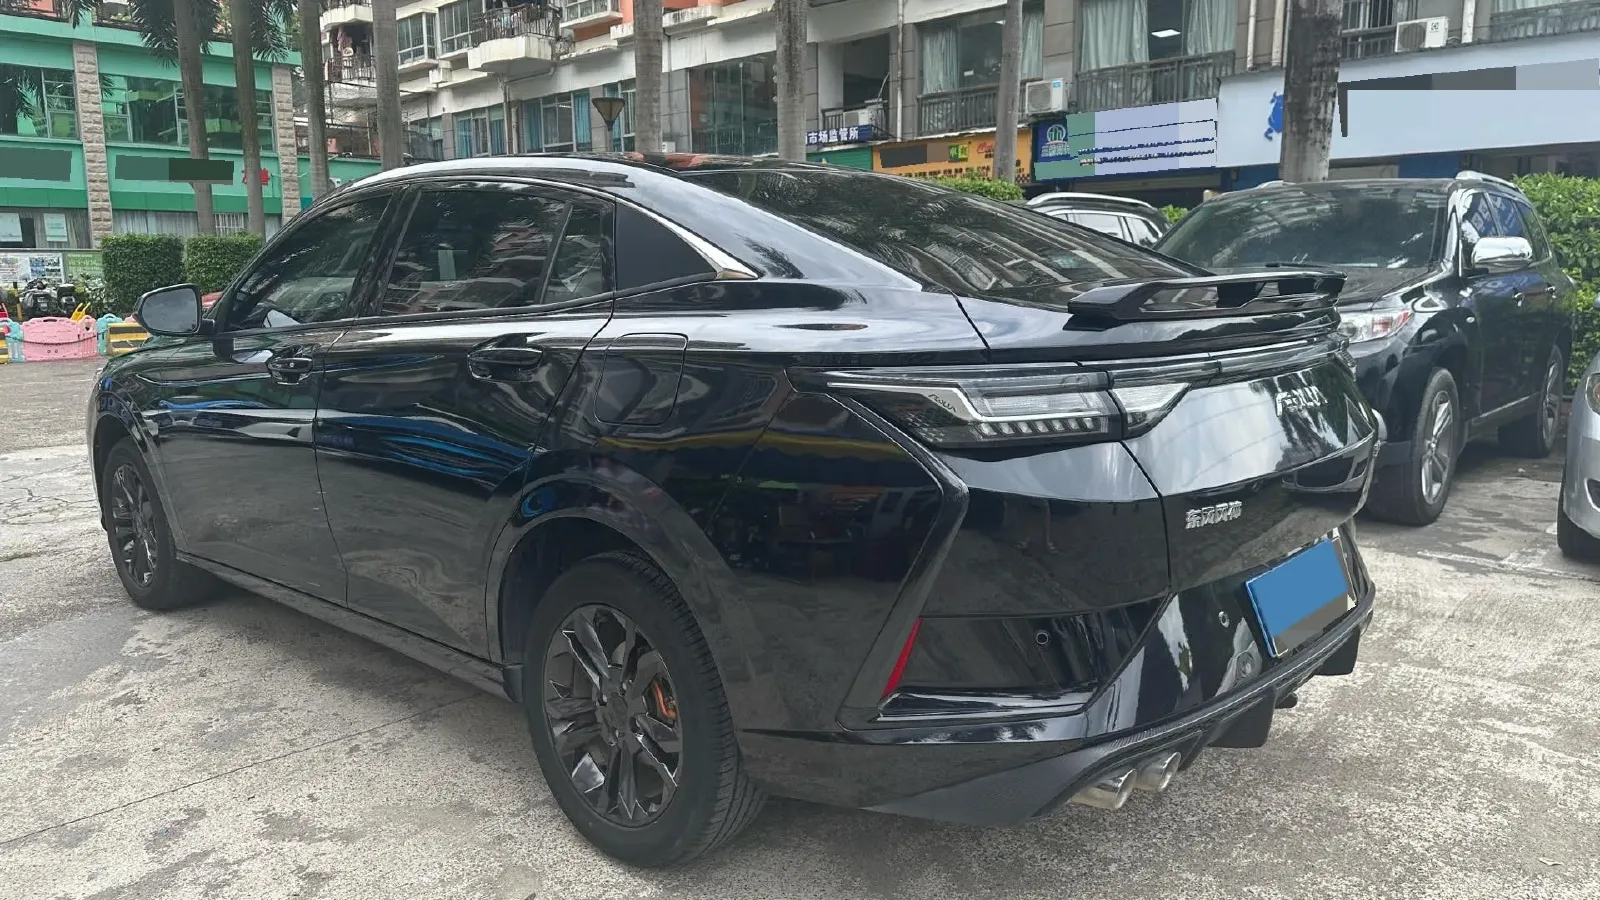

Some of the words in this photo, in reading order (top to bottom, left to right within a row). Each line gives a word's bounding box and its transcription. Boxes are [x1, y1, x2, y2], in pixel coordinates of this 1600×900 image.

[805, 127, 859, 144] 市场监管所
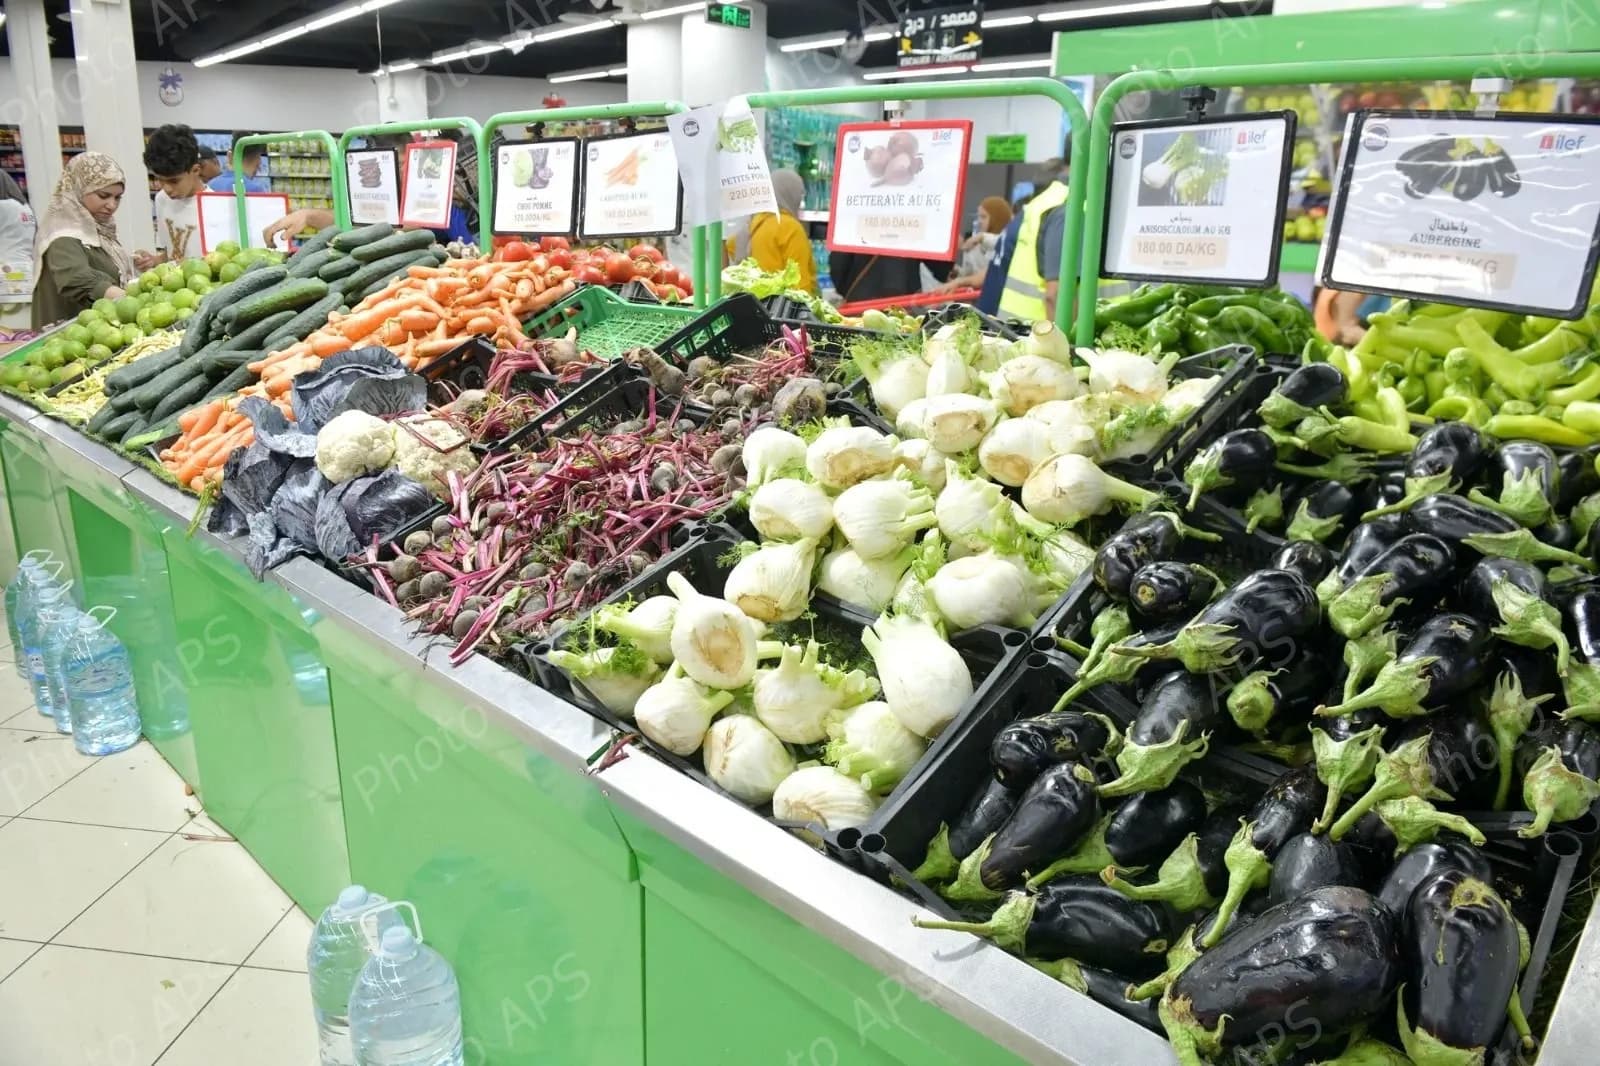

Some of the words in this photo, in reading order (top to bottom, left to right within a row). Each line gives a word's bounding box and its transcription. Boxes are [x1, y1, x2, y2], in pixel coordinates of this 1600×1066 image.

[846, 193, 905, 207] BETTERAVE
[907, 194, 923, 207] AU
[925, 193, 942, 207] KG
[1408, 232, 1483, 249] AUBERGINE
[1137, 241, 1173, 254] 180.00
[1175, 242, 1217, 256] DA/KG
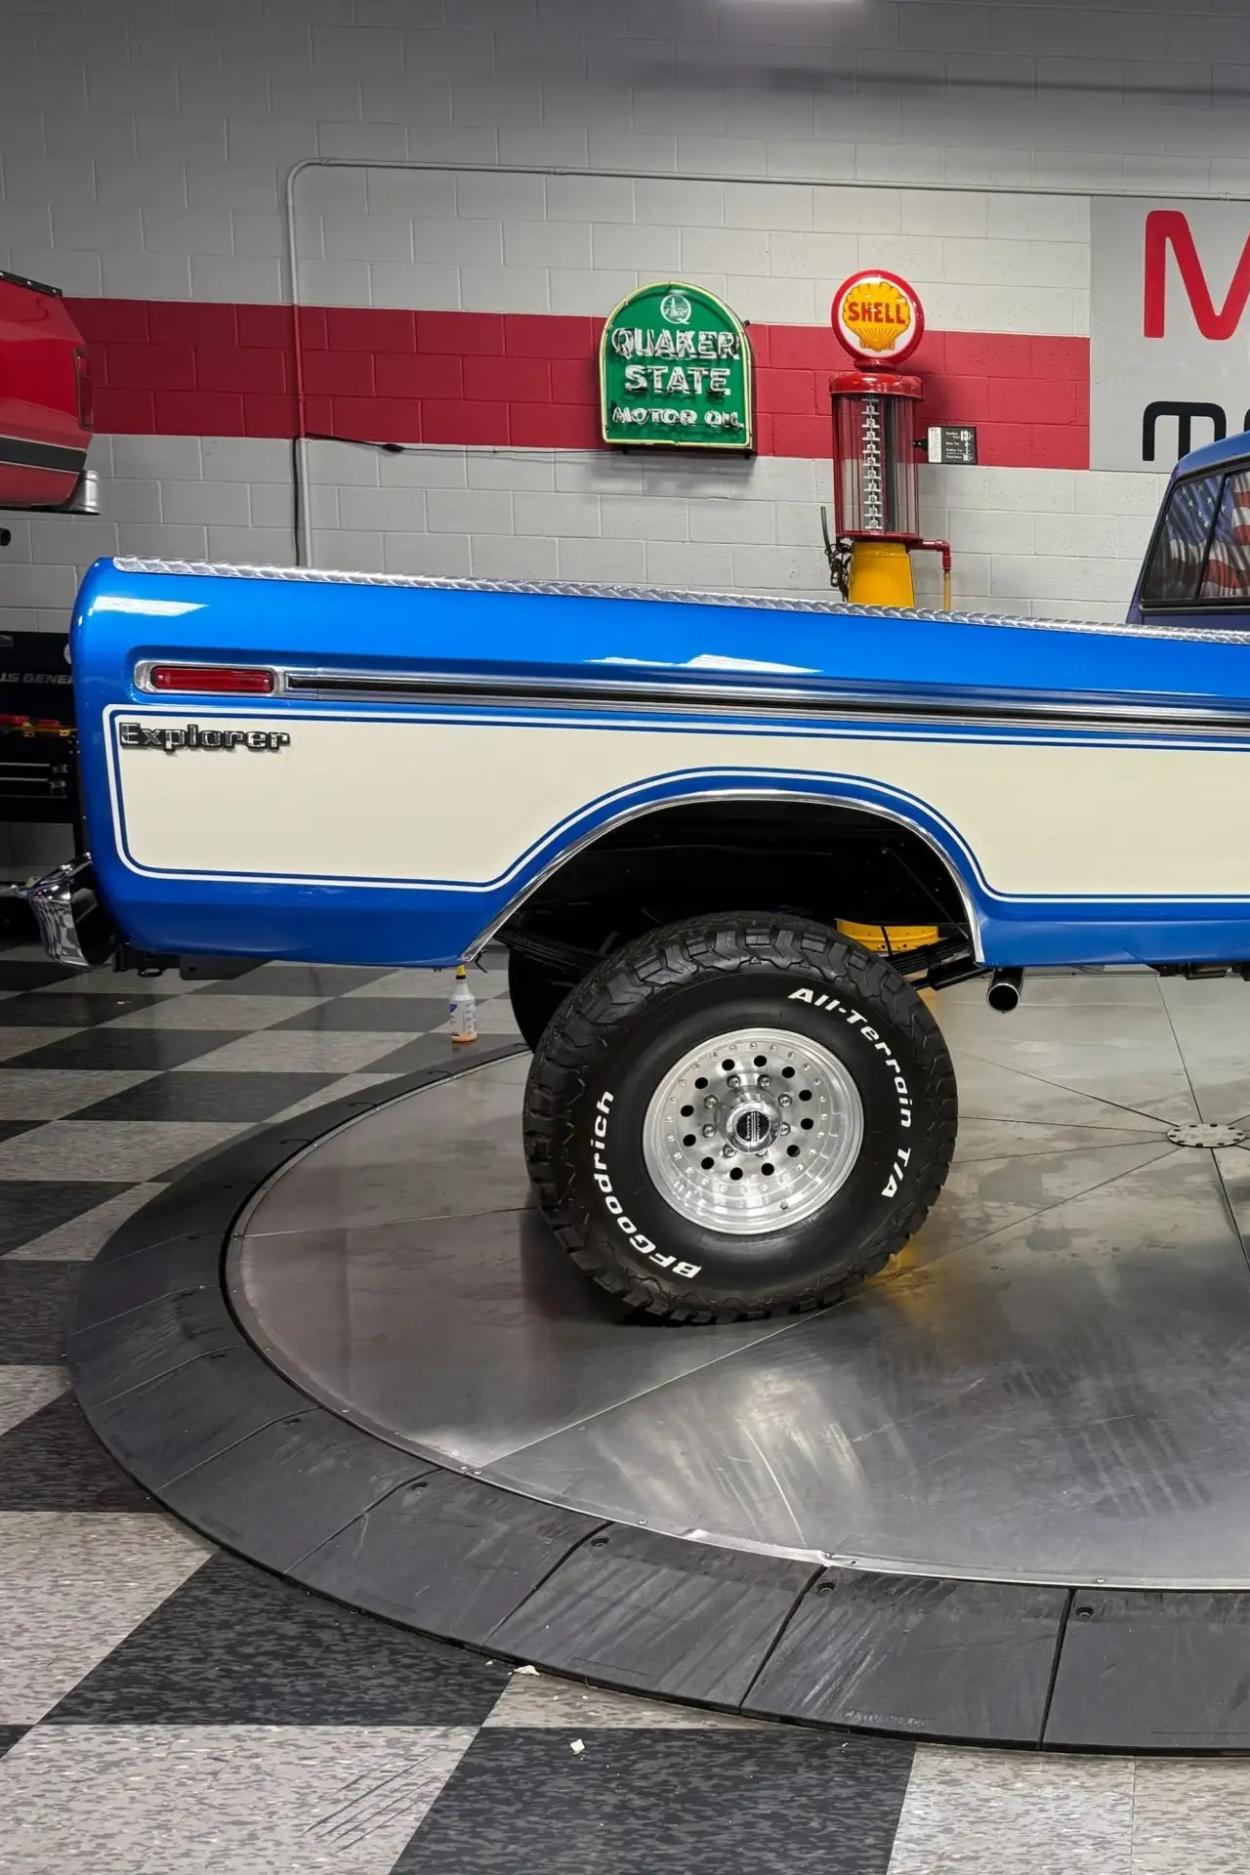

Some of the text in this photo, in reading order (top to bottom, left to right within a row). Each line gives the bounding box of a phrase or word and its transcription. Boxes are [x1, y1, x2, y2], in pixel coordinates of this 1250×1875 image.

========

Write out the whole of the data exactly; the pictures stay out.

Some of the words in this photo, in reading order (top to bottom, left to right within a row). Each line gives a word's bounding box and its transcription. Boxes are [x1, y1, x2, y2], in pixel coordinates of this 1600×900 image.

[805, 127, 859, 144] 市场监管所

Some of the words in this photo, in reading order (top to bottom, left to right within a row). Each line gives a word's bounding box and its transcription. Boxes are [x1, y1, x2, y2], in pixel coordinates of this 1600×1066 image.

[846, 193, 905, 207] BETTERAVE
[907, 194, 923, 207] AU
[925, 193, 942, 207] KG
[1408, 232, 1483, 249] AUBERGINE
[1137, 241, 1173, 254] 180.00
[1175, 242, 1217, 256] DA/KG

Some of the text in this photo, in reading order (top to bottom, left to right within a row). Each line gives the bounding box of a phrase or word and its transcription. Boxes are [x1, y1, x2, y2], in pixel coordinates of this 1250×1875 image.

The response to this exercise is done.